#### [EXERCISE OBJECTIVE]
Your answer must be the data repeated exactly, with no pictures in it.

************

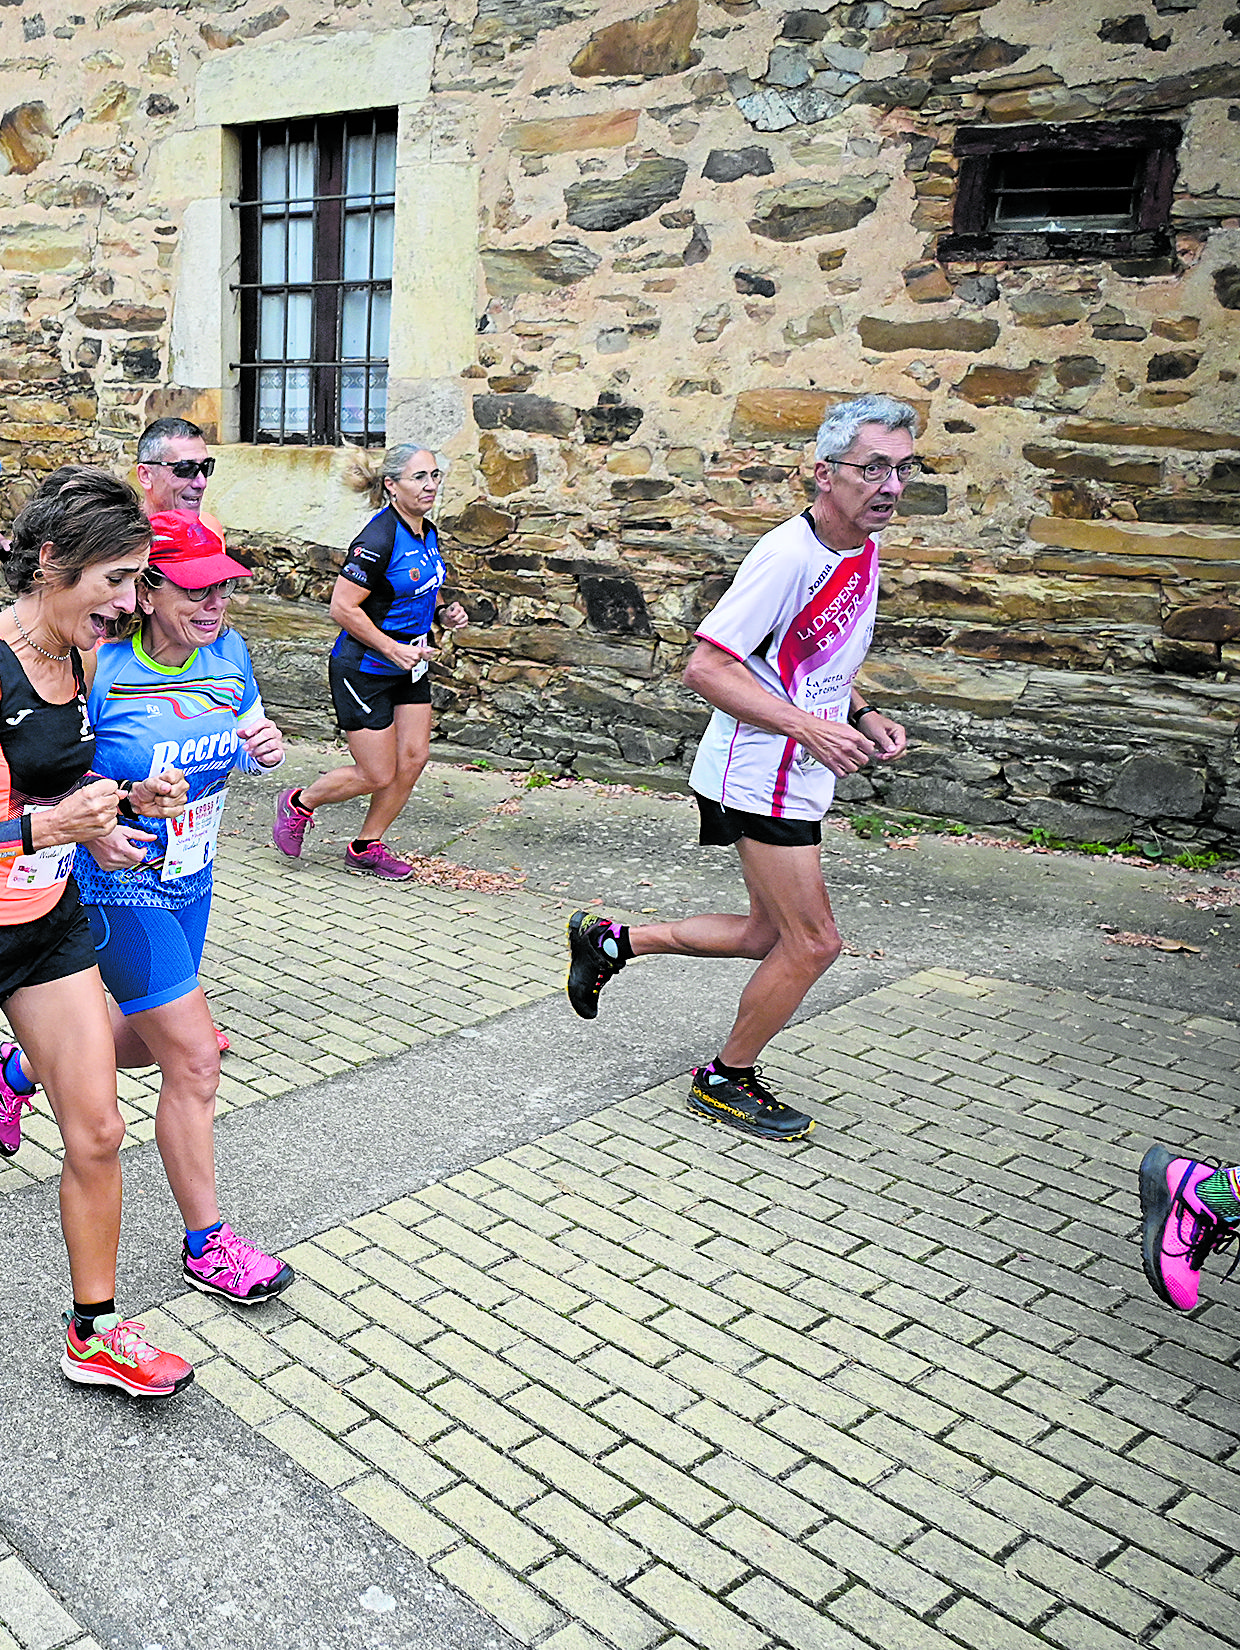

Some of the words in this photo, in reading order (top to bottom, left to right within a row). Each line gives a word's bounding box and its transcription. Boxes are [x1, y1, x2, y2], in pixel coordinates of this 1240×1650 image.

[807, 563, 833, 596] Joma
[796, 627, 816, 641] LA
[812, 571, 862, 632] DESPENSA
[815, 630, 837, 652] DE
[832, 593, 864, 637] FER
[195, 800, 214, 816] CROSS
[203, 841, 210, 864] 8

************

#### [RESPONSE]
Some of the words in this photo, in reading order (top to bottom, left to right within a row). Each line gives a word's bounding box and its transcription. Boxes are [x1, y1, x2, y2], in pixel coordinates of this 1240×1650 image.

[807, 563, 833, 596] Joma
[796, 627, 816, 641] LA
[812, 571, 862, 632] DESPENSA
[815, 630, 837, 652] DE
[832, 593, 864, 637] FER
[195, 800, 214, 816] CROSS
[203, 841, 210, 864] 8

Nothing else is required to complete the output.